A "scientific" journal article entitled, “Which dimension of parenting predicts the change of callous
unemotional traits
in children with disruptive behavior disorder?” By Muratori and others in the
August 2016 issue of Comprehensive
Psychiatry attempted to determine whether parenting practices influenced the
development of so called callous and unemotional (CU) character traits in
children. Alternatively, are those traits – which are common in children with
disruptive behavior –more genetic in origin?
In the study, no significant relationship
was found between "negative" parenting and CU traits; these two variables were
also unrelated when "positive" parenting was considered in the same model.
However, using a slightly different model, higher levels of positive parenting
predicted lower levels of CU traits.
Although
I would like to believe and tend to agree that “positivity” in parent-child
relationships helps decrease acting out behavior in children, a huge problem with this type
of study is how the hell can you precisely measure the nature of the relationship
between parents and children? The biggest problems with that include the fact that these relationships
are not constants but vary across time and situational contexts. Parents might
be good disciplinarians when it comes to providing children with adequate curfews,
for example, but terrible at allowing them to stay up all hours of the night.

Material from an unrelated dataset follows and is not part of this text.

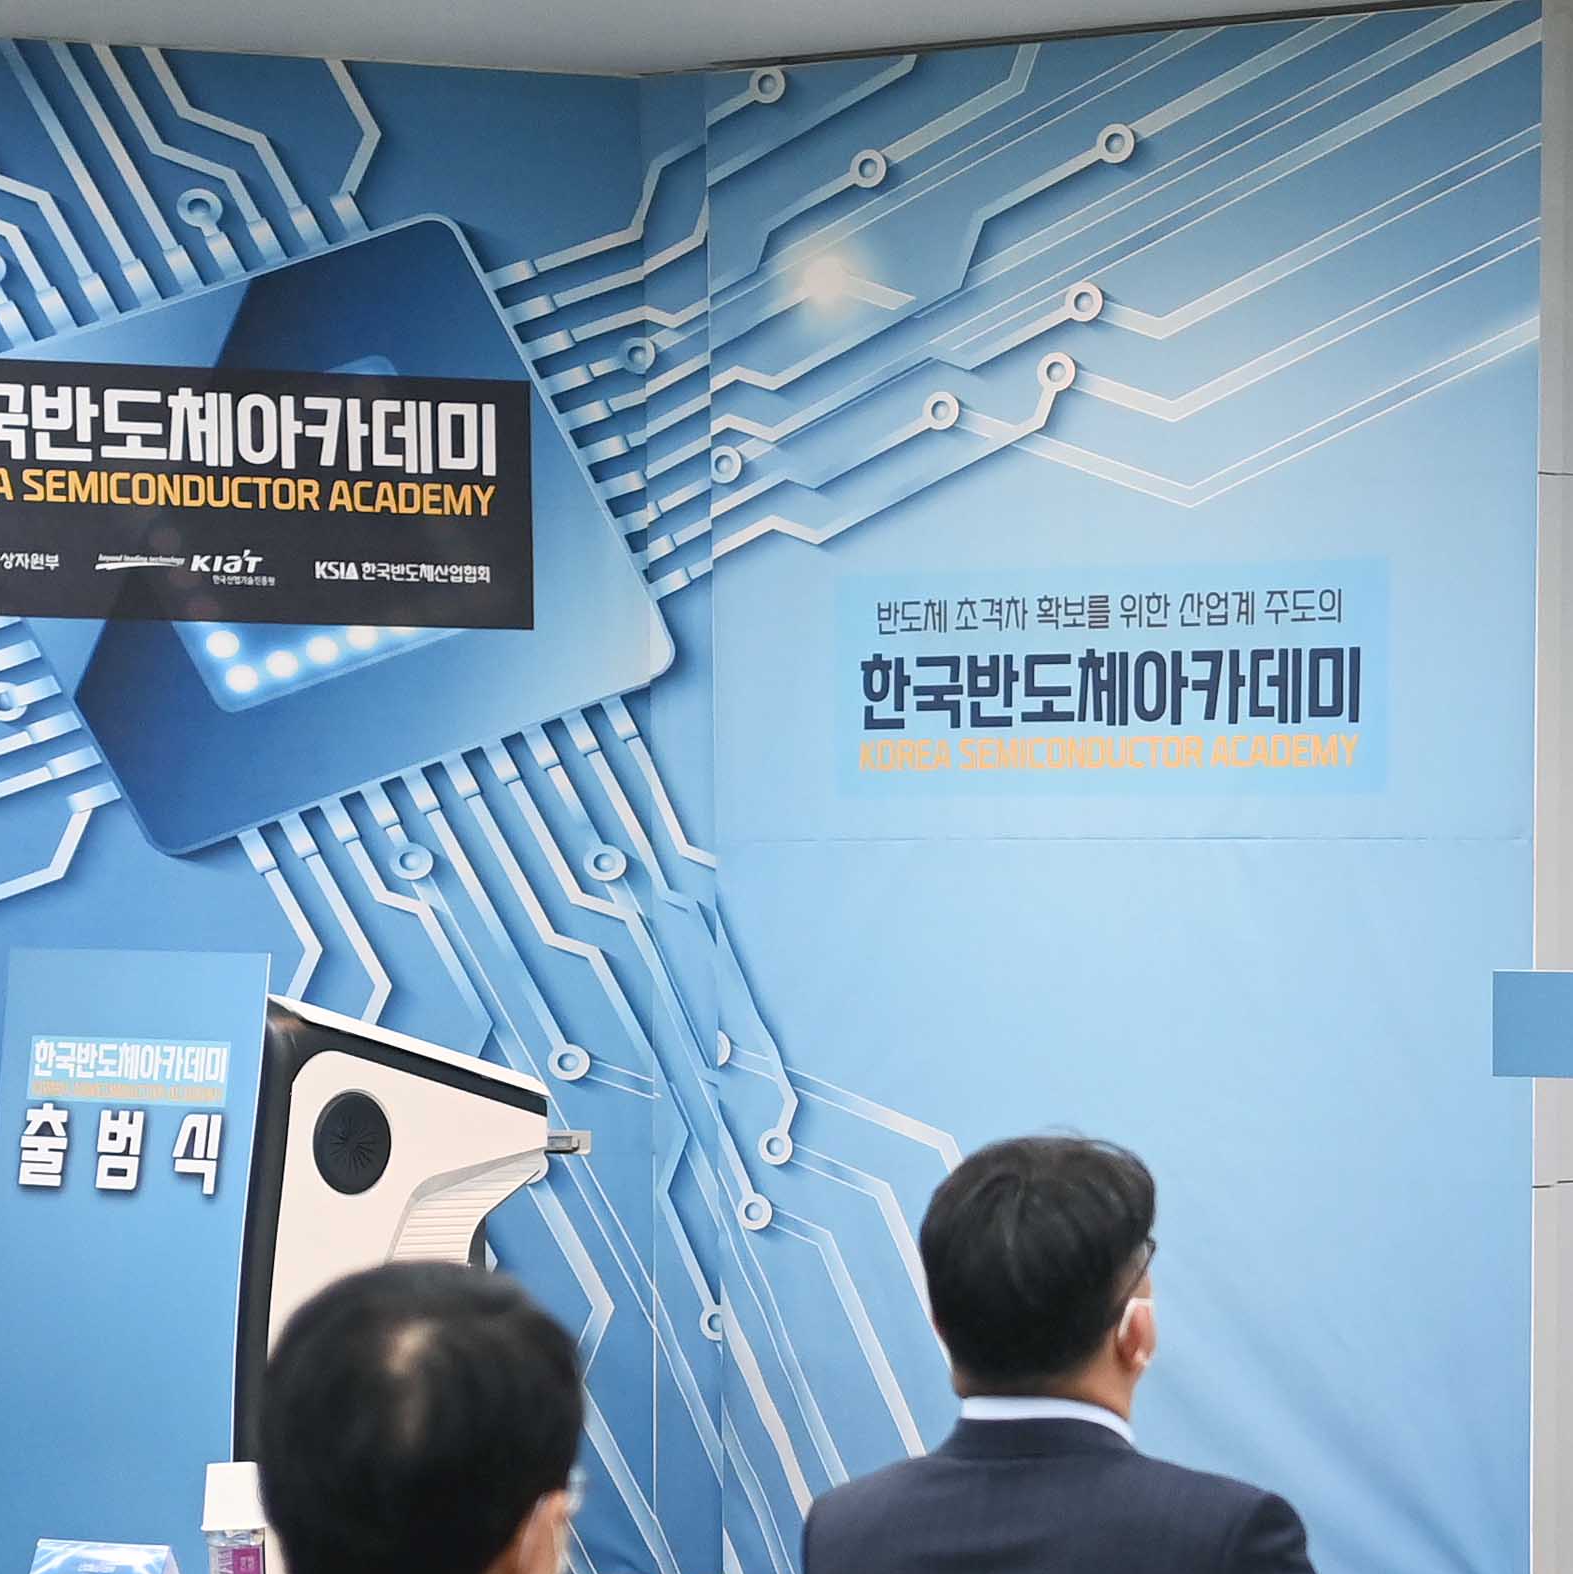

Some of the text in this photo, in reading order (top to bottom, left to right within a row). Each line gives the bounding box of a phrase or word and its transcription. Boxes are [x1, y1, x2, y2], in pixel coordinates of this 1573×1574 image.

Furthermore, the disciplinary practices certainly change over time as the children get
older.
Second,
how does a study even attempt to measure the tone of parenting practices? This study used a
measure called The Alabama Parenting Questionnaire
(APQ) [40] – mother report. This parent report measure has five subscales: parental
involvement, positive parenting, poor monitoring/supervision, inconsistent
discipline, and corporal punishment. Items are rated on a 5-point Likert scale,
ranging from 1 (never) to 5 (always).
They used the mother’s own report of her own disciplinary
practices! If a mother were abusive or inconsistent, how likely do these
authors think she would admit to it, even if she were very self-aware, which obviously many people are not. There is no way to be sure, of course, but the odds are
very good that the amount of “negative” parenting is higher than their study results would indicate, while the amount of “positive”
parenting could be overestimated.
And which particular types of those
parental behaviors listed in the instrument were the most relevant to the
question at hand? There is no way to know!